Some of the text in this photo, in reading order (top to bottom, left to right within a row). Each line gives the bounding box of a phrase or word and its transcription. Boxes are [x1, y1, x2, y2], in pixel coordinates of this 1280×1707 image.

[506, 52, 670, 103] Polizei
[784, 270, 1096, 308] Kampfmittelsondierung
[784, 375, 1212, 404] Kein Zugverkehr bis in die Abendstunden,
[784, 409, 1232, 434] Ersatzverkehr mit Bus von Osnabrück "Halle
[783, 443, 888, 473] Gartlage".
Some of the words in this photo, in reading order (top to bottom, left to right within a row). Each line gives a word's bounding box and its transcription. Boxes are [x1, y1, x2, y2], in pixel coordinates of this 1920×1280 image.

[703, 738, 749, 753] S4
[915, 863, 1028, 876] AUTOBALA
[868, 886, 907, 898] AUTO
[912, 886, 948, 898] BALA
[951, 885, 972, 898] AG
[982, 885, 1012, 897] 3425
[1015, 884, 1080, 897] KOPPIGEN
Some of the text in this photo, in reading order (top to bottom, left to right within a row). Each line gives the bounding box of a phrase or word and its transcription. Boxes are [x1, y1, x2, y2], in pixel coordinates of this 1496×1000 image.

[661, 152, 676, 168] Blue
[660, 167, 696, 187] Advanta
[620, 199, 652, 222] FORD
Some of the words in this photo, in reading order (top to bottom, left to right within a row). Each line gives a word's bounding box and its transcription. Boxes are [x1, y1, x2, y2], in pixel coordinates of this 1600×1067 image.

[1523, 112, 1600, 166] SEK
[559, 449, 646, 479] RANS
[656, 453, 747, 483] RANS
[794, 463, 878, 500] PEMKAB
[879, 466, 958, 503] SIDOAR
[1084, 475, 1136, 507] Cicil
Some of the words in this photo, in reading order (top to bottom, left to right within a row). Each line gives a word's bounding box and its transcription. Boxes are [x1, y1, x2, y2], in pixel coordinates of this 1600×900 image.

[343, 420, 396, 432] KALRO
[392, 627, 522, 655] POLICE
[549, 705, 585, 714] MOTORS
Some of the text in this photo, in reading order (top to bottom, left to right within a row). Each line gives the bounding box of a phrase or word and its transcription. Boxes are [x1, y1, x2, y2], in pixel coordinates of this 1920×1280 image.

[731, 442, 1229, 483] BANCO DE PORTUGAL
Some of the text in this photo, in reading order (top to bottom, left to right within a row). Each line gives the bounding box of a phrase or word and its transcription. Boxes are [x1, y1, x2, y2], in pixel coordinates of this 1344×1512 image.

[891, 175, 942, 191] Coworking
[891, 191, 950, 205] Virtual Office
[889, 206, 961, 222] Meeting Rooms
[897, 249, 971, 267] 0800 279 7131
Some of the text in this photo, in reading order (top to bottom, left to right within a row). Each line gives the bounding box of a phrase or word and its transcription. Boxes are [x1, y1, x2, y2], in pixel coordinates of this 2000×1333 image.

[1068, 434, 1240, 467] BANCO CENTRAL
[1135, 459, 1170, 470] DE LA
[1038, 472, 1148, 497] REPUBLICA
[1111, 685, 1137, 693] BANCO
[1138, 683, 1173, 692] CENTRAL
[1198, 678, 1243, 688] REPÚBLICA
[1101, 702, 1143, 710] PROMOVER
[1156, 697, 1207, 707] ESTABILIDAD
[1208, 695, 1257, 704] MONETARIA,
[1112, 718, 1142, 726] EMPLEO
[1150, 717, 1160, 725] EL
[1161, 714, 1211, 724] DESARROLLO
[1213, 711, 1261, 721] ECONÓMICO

§ **What the task requires**: Print all of the entries exactly, leaving nothing out.

§ **Solution below**:
Some of the text in this photo, in reading order (top to bottom, left to right within a row). Each line gives the bounding box of a phrase or word and its transcription. Boxes are [x1, y1, x2, y2], in pixel coordinates of this 1280×1707 image.

[506, 52, 670, 103] Polizei
[784, 270, 1096, 308] Kampfmittelsondierung
[784, 375, 1212, 404] Kein Zugverkehr bis in die Abendstunden,
[784, 409, 1232, 434] Ersatzverkehr mit Bus von Osnabrück "Halle
[783, 443, 888, 473] Gartlage".
Some of the words in this photo, in reading order (top to bottom, left to right within a row). Each line gives a word's bounding box and its transcription. Boxes are [x1, y1, x2, y2], in pixel coordinates of this 1920×1280 image.

[703, 738, 749, 753] S4
[915, 863, 1028, 876] AUTOBALA
[868, 886, 907, 898] AUTO
[912, 886, 948, 898] BALA
[951, 885, 972, 898] AG
[982, 885, 1012, 897] 3425
[1015, 884, 1080, 897] KOPPIGEN
Some of the text in this photo, in reading order (top to bottom, left to right within a row). Each line gives the bounding box of a phrase or word and its transcription. Boxes are [x1, y1, x2, y2], in pixel coordinates of this 1496×1000 image.

[661, 152, 676, 168] Blue
[660, 167, 696, 187] Advanta
[620, 199, 652, 222] FORD
Some of the words in this photo, in reading order (top to bottom, left to right within a row). Each line gives a word's bounding box and its transcription. Boxes are [x1, y1, x2, y2], in pixel coordinates of this 1600×1067 image.

[1523, 112, 1600, 166] SEK
[559, 449, 646, 479] RANS
[656, 453, 747, 483] RANS
[794, 463, 878, 500] PEMKAB
[879, 466, 958, 503] SIDOAR
[1084, 475, 1136, 507] Cicil
Some of the words in this photo, in reading order (top to bottom, left to right within a row). Each line gives a word's bounding box and its transcription. Boxes are [x1, y1, x2, y2], in pixel coordinates of this 1600×900 image.

[343, 420, 396, 432] KALRO
[392, 627, 522, 655] POLICE
[549, 705, 585, 714] MOTORS
Some of the text in this photo, in reading order (top to bottom, left to right within a row). Each line gives the bounding box of a phrase or word and its transcription. Boxes are [x1, y1, x2, y2], in pixel coordinates of this 1920×1280 image.

[731, 442, 1229, 483] BANCO DE PORTUGAL
Some of the text in this photo, in reading order (top to bottom, left to right within a row). Each line gives the bounding box of a phrase or word and its transcription. Boxes are [x1, y1, x2, y2], in pixel coordinates of this 1344×1512 image.

[891, 175, 942, 191] Coworking
[891, 191, 950, 205] Virtual Office
[889, 206, 961, 222] Meeting Rooms
[897, 249, 971, 267] 0800 279 7131
Some of the text in this photo, in reading order (top to bottom, left to right within a row). Each line gives the bounding box of a phrase or word and its transcription. Boxes are [x1, y1, x2, y2], in pixel coordinates of this 2000×1333 image.

[1068, 434, 1240, 467] BANCO CENTRAL
[1135, 459, 1170, 470] DE LA
[1038, 472, 1148, 497] REPUBLICA
[1111, 685, 1137, 693] BANCO
[1138, 683, 1173, 692] CENTRAL
[1198, 678, 1243, 688] REPÚBLICA
[1101, 702, 1143, 710] PROMOVER
[1156, 697, 1207, 707] ESTABILIDAD
[1208, 695, 1257, 704] MONETARIA,
[1112, 718, 1142, 726] EMPLEO
[1150, 717, 1160, 725] EL
[1161, 714, 1211, 724] DESARROLLO
[1213, 711, 1261, 721] ECONÓMICO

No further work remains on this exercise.